La paratohormona (PTH) y sus análogos representan una nueva clase de agentes anabólicos para el tratamiento de la osteoporosis grave, ya que inhiben la resorción y remodelación ósea. La PTH es un péptido, que cumple un papel central en la homeostasis del calcio en mamíferos. La PTH actúa en forma directa para aumentar la resorción tubular de calcio e indirecta por incremento de la absorción intestinal de calcio. El papel fisiológico normal de la hormona en la homeostasis del esqueleto es más complejo, ya que probablemente regula también la remodelación ósea. La teriparatida es un análogo recombinante de la PTH humana, que actúa sobre el esqueleto. Los datos actuales han demostrado que este agente reduce el riesgo de fracturas, vertebrales y apendiculares al ejercer un efecto sobre la microarquitectura ósea, además de mejorar la masa ósea total.
Sin embargo, todavía no hay datos que avalen que la eficacia antifractura de la PTH sea superior a la de los bifosfonatos. La PTH intacta puede tener una potencia similar, pero aun están pendientes los resultados de los ensayos clínicos de fase III sobre la eficacia antifractura en pacientes con osteopororosis grave.
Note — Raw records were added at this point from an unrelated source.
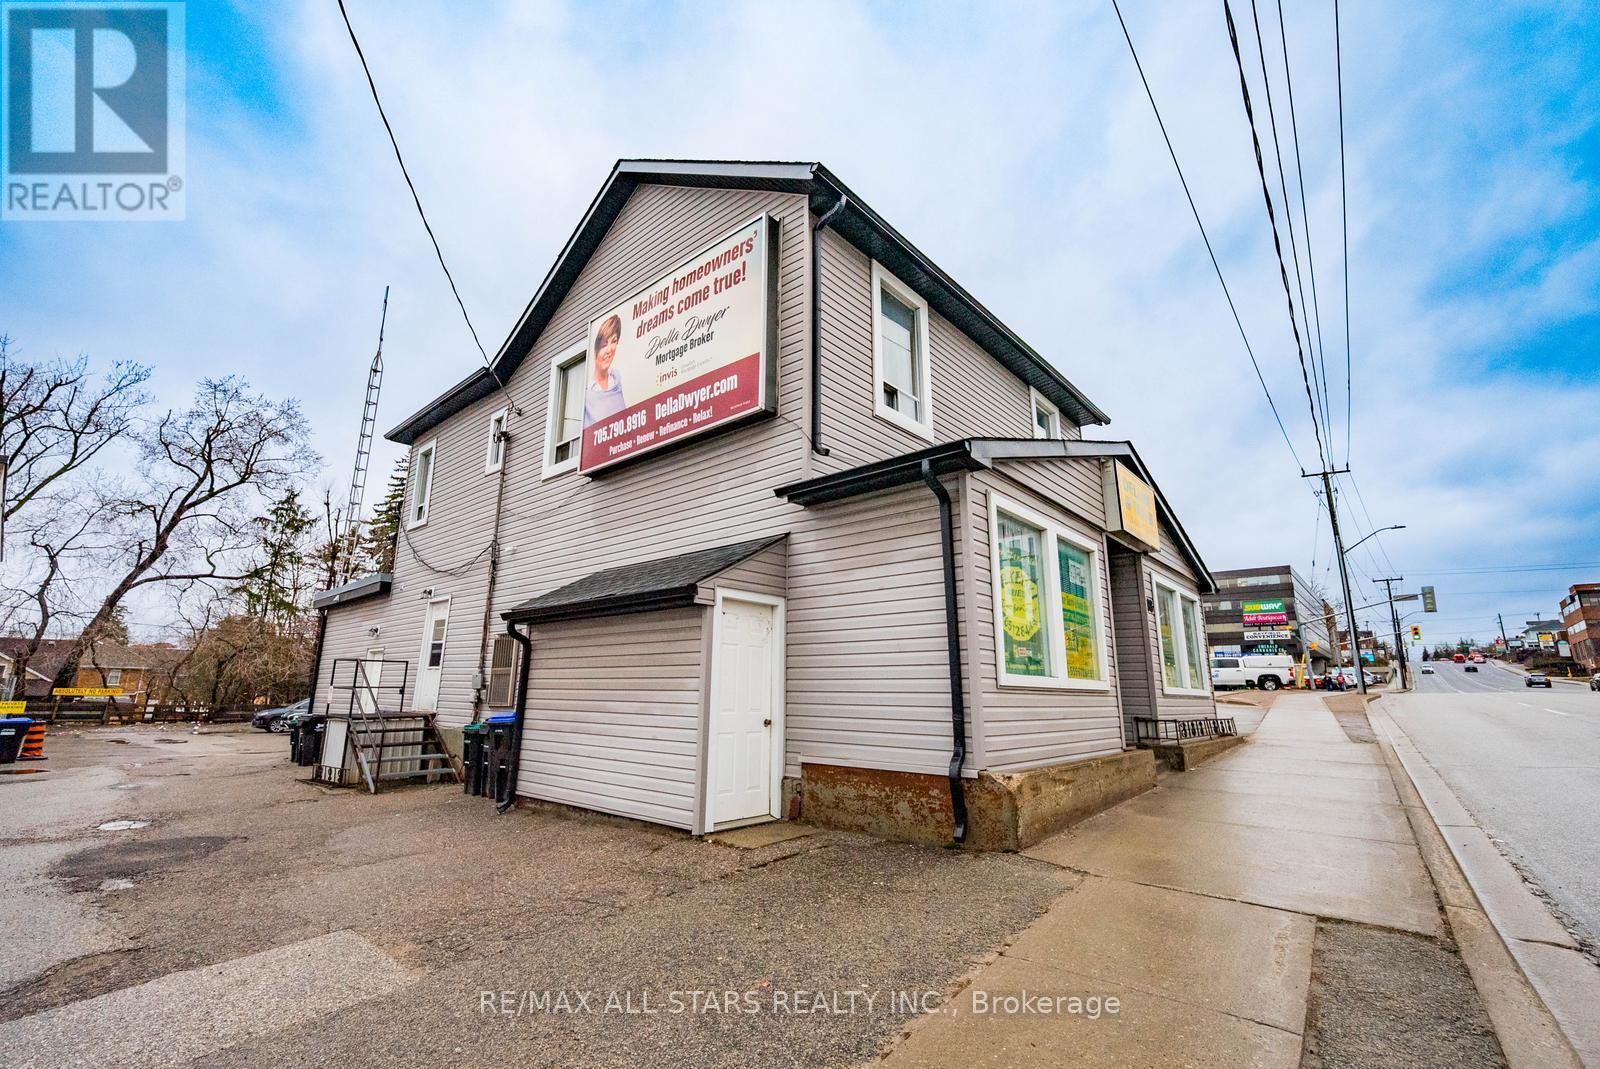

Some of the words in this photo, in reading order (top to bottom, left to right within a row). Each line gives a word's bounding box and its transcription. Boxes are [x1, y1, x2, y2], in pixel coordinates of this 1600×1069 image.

[632, 286, 669, 321] Making
[636, 304, 675, 339] dreams
[677, 285, 710, 315] come
[713, 260, 747, 295] true!
[644, 327, 680, 360] Della
[681, 305, 731, 341] Dwyer
[655, 343, 688, 367] Mortgage
[689, 331, 715, 351] Broker
[659, 366, 678, 383] invis
[593, 409, 647, 447] 705.790.8916
[655, 374, 738, 421] DellaDwyer.com
[609, 439, 633, 456] Purchase
[636, 430, 655, 445] Renew
[659, 417, 688, 437] Refinance
[692, 405, 713, 424] Relax!
[1244, 602, 1282, 611] SUBWAY
Esta droga parece ser una terapia antiresortiva superior al alendronato en la mejora del contenido mineral óseo en la columna vertebral, si bien todavía no se han realizado comparaciones entre ambas clases de agentes.
La teriparatida se debería considerar un tratamiento para mujeres posmenopáusicas y hombres con osteoporosis grave así también como en osteroporosis inducidas por glucocorticoides, que requieren un tratamiento a largo plazo con esteroides. Otras de las indicaciones de uso serían el tratamiento de individuos de alto riesgo de fracturas, que incluyen a los menores de 65 años que presentan densidad mineral ósea muy baja. La terapia no se recomienda para más de dos años, sobre la base de los estudios que informan la inducción de osteosarcoma en un modelo de carcinogenicidad de ratas.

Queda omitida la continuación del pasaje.